Reg No
22818050
Rating
Regional
Categories of Special Interest
Architectural, Historical, Social
Previous Name
Tallow Barrack
Original Use
Barracks
Historical Use
Store/warehouse
Date
1747 - 1752
Coordinates
199527, 93072
Date Recorded
01/10/2003
Date Updated
--/--/--
Detached eleven-bay three-storey barrack, extant 1752, on a U-shaped plan with two-bay three-storey gabled projecting end bays. Vacant, 1819; 1824. Adapted to alternative use, 1847. In alternative use, 1904. Occupied, 1920-2. In alternative use, 1923. Now in ruins. Hipped slate roof on a U-shaped plan on collared timber construction remodelled as pitched (gable-ended) slate roof on a U-shaped plan, clay ridge tiles, and no rainwater goods surviving on chevron- or saw tooth-detailed red brick header bond cornice. Limewashed walls with remains of slate hung surface finish.
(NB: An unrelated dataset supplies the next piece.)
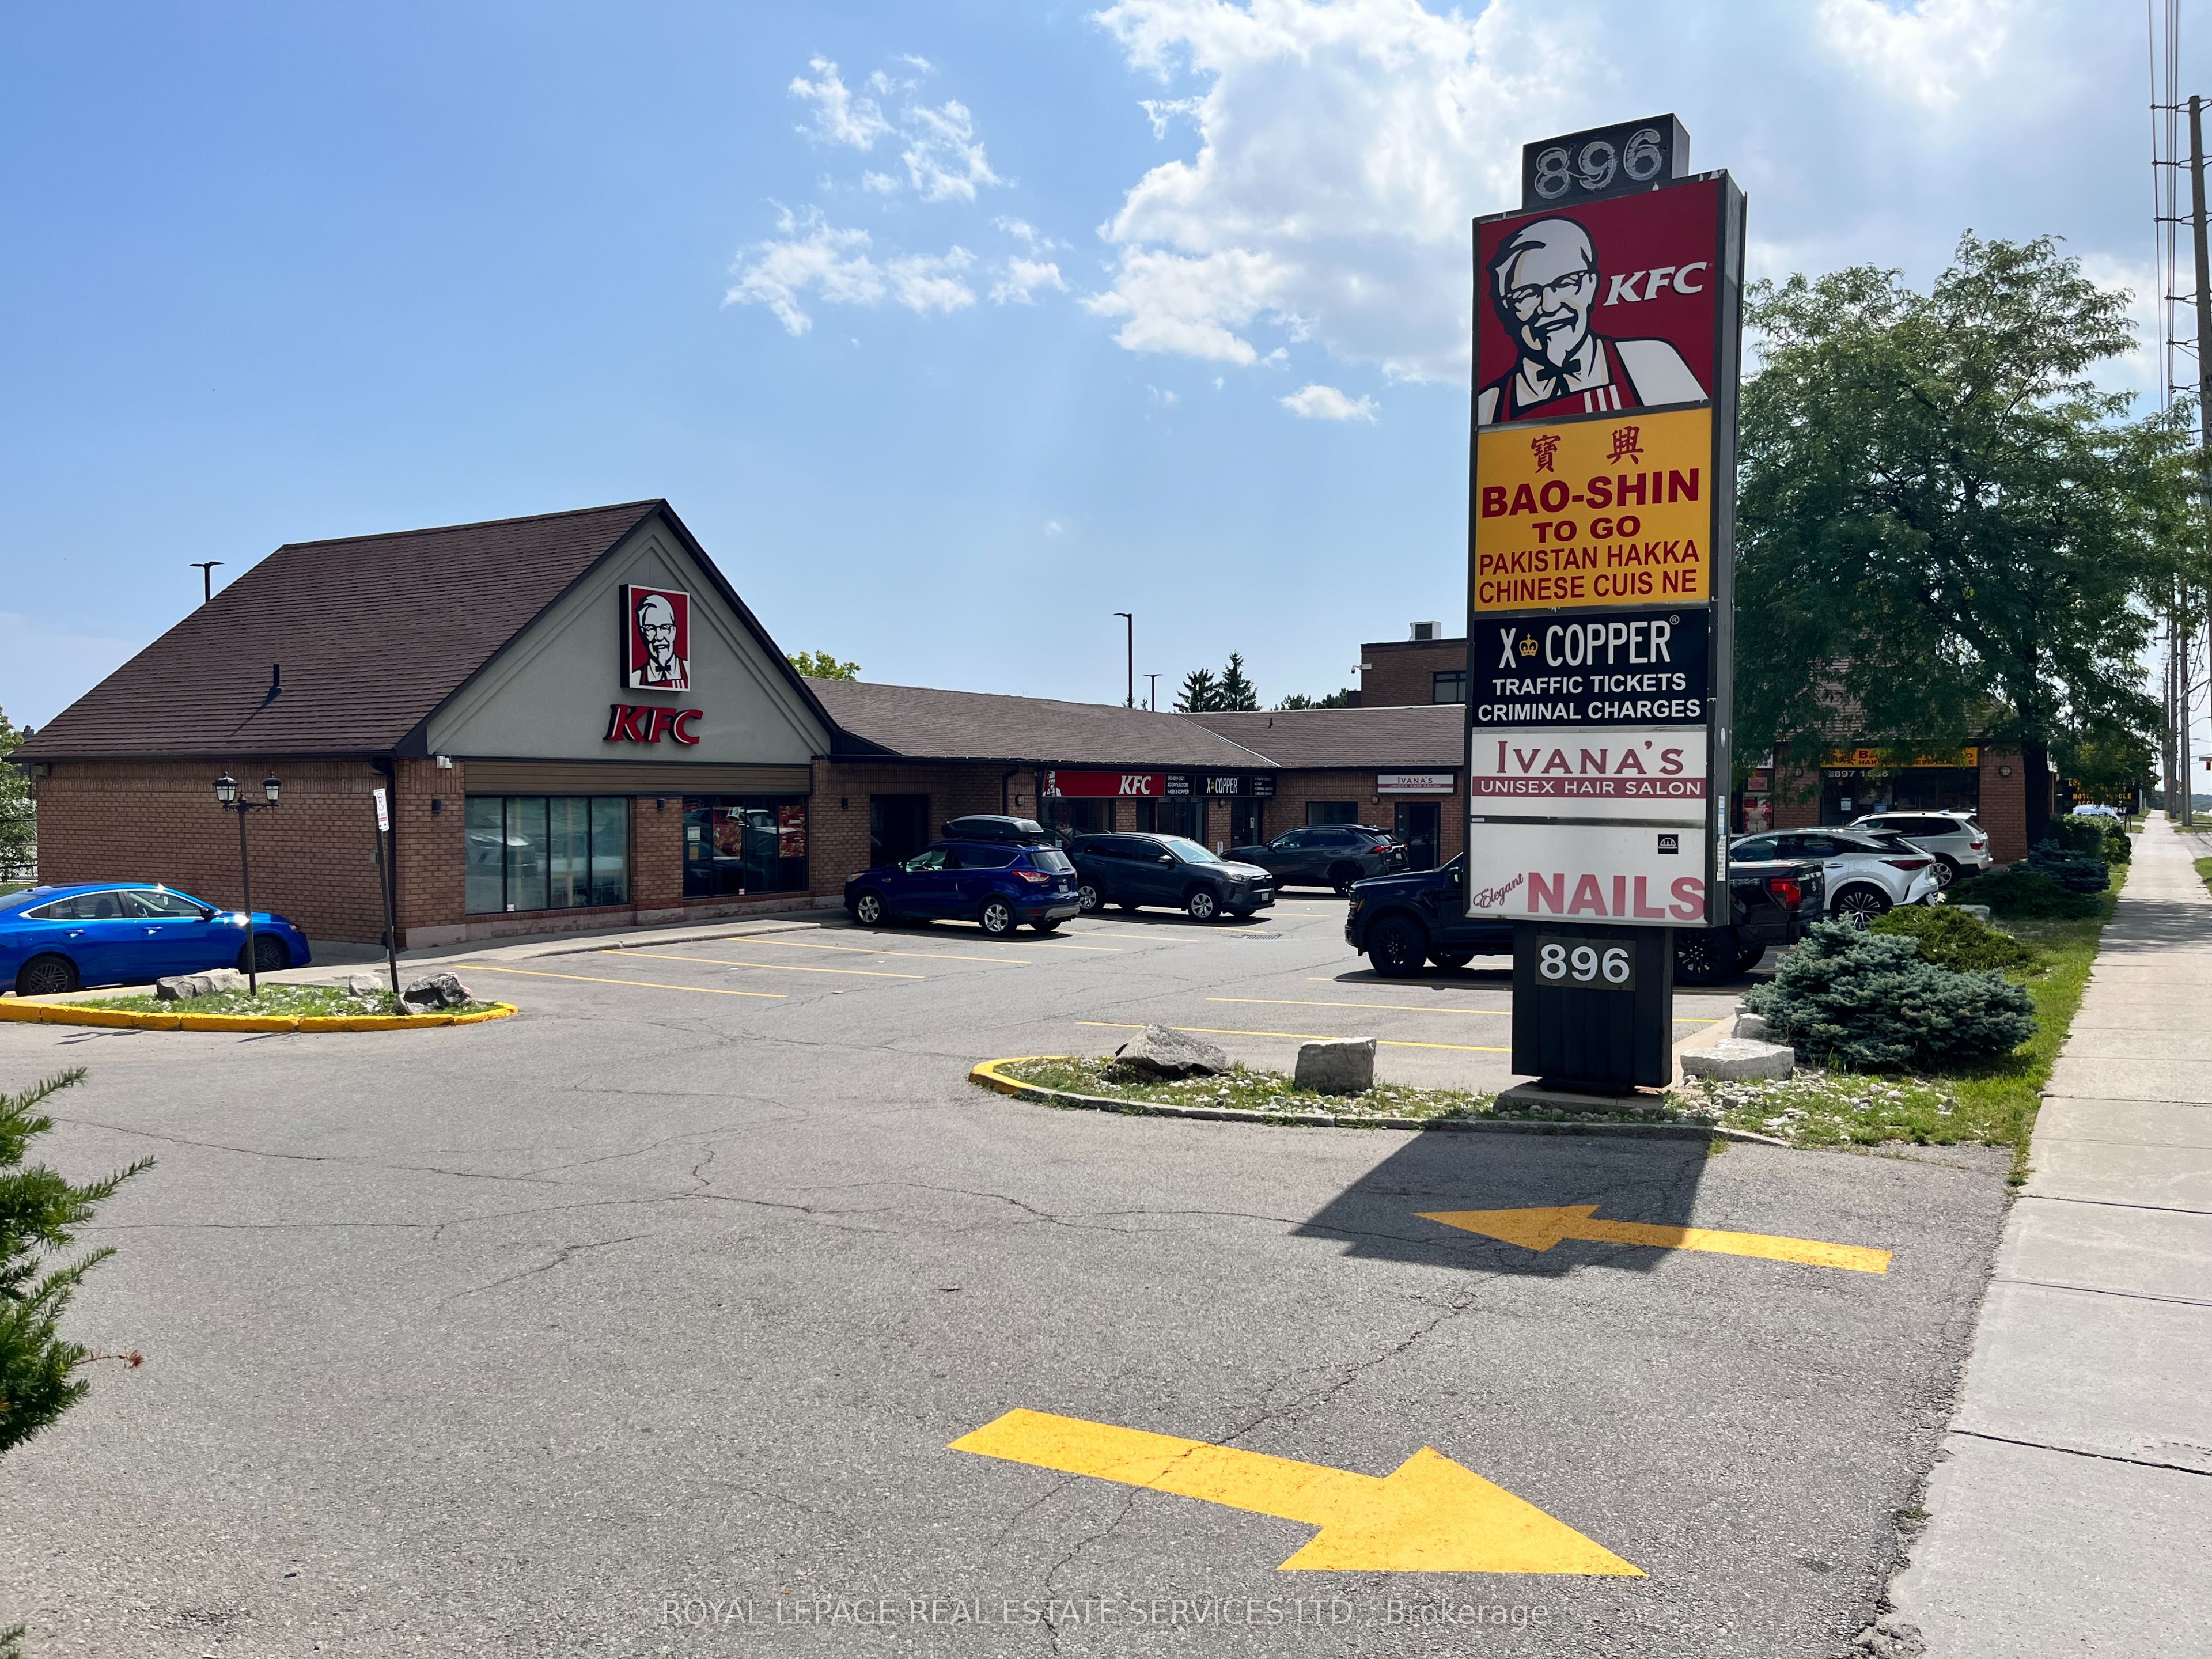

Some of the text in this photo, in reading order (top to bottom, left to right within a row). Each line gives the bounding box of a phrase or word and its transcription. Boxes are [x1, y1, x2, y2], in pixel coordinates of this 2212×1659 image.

Square-headed window openings in camber-headed recesses with limewashed red brick voussoirs framing remains of timber sash windows having part exposed sash boxes. Interior in ruins. Set back from street in overgrown grounds.
A barrack erected to designs attributed to George Ensor (1724-1803) of Dublin (IAA Acc.2008/44) representing an important component of the eighteenth-century built heritage of County Waterford with the architectural value of the composition, one recalling the Ensor-built Loughrea Barrack in County Galway (Military Archives IE/MA/MPD/ad134729-006), confirmed by such attributes as the symmetrical "U"-shaped footprint; the disproportionate bias of solid to void in the massing compounded by the very slight diminishing in scale of the widely spaced openings on each floor; and the high pitched roof. Although reduced to ruins following a prolonged period of neglect in the later twentieth century, the form and massing survive intact together with interesting remnants of the original fabric, including a partial slate hung surface finish. NOTE: The barracks was vacated following the Napoleonic Wars (1803-15) and letters discussing its sale (1819; 1824) are included in correspondence between William George Spencer Cavendish (1790-1858), sixth Duke of Devonshire, and his agent Colonel William Samuel Currey (----) (National Archives of Ireland MS 43,545/11 and MS 43,545/19). The barracks knew several periods of reinvention over the course of the nineteenth century and it was requisitioned as an auxiliary workhouse by the Board of Guardians of the Lismore Poor Law Union in May 1847: William Hanan (d. 1887) is recorded as the Medical Officer of Tallow Dispensary and Auxiliary Workhouse and formerly the Physician of Tallow Fever Hospital (The Medical Directory for Ireland 1852, 51). The barracks was subsequently adapted as a corn store where 'each year [Mr. Cunningham] sold about 4,000 bags of corn at £1 each' (Walsh in The Schools' Collection 0638, 279). The barracks briefly returned to military use during "The Troubles" (1919-23) when it was occupied successively by the British Army, the Irish Republican Army and the Irish Free State Army: a claim was subsequently lodged by the Lismore Castle Estate 'for damages to the property' (Waterford County Archives IE/WCA/PP/LISM/515).